YOUR ASSIGNMENT
Your answer should be the records, copied exactly, with the pictures removed.

Collected data

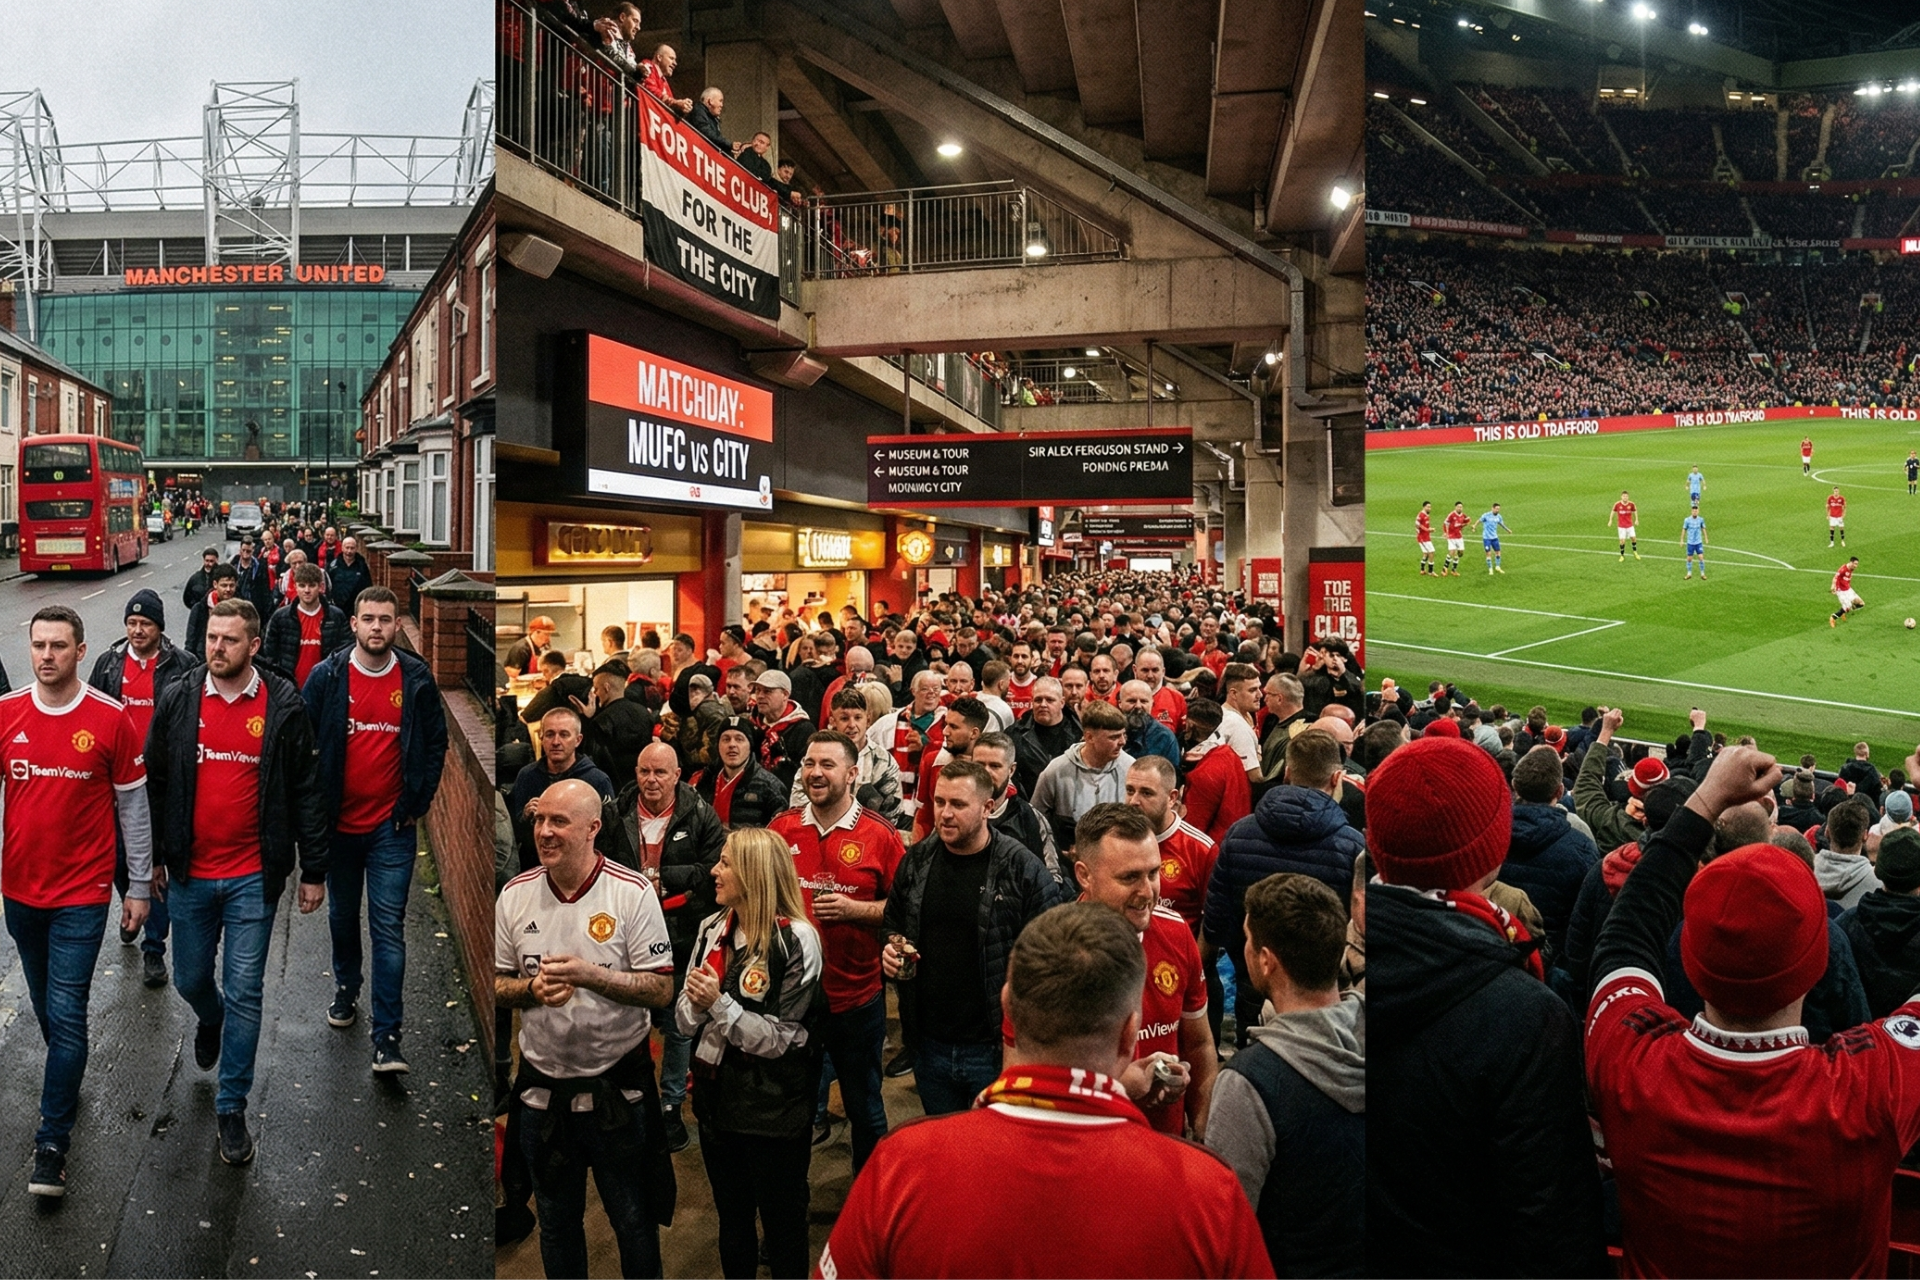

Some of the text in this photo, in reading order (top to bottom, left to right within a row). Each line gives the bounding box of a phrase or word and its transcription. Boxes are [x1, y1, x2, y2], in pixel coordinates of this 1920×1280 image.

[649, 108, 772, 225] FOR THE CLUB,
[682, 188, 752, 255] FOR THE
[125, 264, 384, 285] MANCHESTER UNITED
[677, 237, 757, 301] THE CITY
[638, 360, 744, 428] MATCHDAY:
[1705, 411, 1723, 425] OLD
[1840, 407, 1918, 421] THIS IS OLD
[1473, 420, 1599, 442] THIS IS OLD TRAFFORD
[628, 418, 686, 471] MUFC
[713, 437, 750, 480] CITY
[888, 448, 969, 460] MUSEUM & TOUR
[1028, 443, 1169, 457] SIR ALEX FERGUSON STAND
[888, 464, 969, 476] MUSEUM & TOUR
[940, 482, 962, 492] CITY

SOLUTION TO THE EXERCISE
Some of the text in this photo, in reading order (top to bottom, left to right within a row). Each line gives the bounding box of a phrase or word and its transcription. Boxes are [x1, y1, x2, y2], in pixel coordinates of this 1920×1280 image.

[649, 108, 772, 225] FOR THE CLUB,
[682, 188, 752, 255] FOR THE
[125, 264, 384, 285] MANCHESTER UNITED
[677, 237, 757, 301] THE CITY
[638, 360, 744, 428] MATCHDAY:
[1705, 411, 1723, 425] OLD
[1840, 407, 1918, 421] THIS IS OLD
[1473, 420, 1599, 442] THIS IS OLD TRAFFORD
[628, 418, 686, 471] MUFC
[713, 437, 750, 480] CITY
[888, 448, 969, 460] MUSEUM & TOUR
[1028, 443, 1169, 457] SIR ALEX FERGUSON STAND
[888, 464, 969, 476] MUSEUM & TOUR
[940, 482, 962, 492] CITY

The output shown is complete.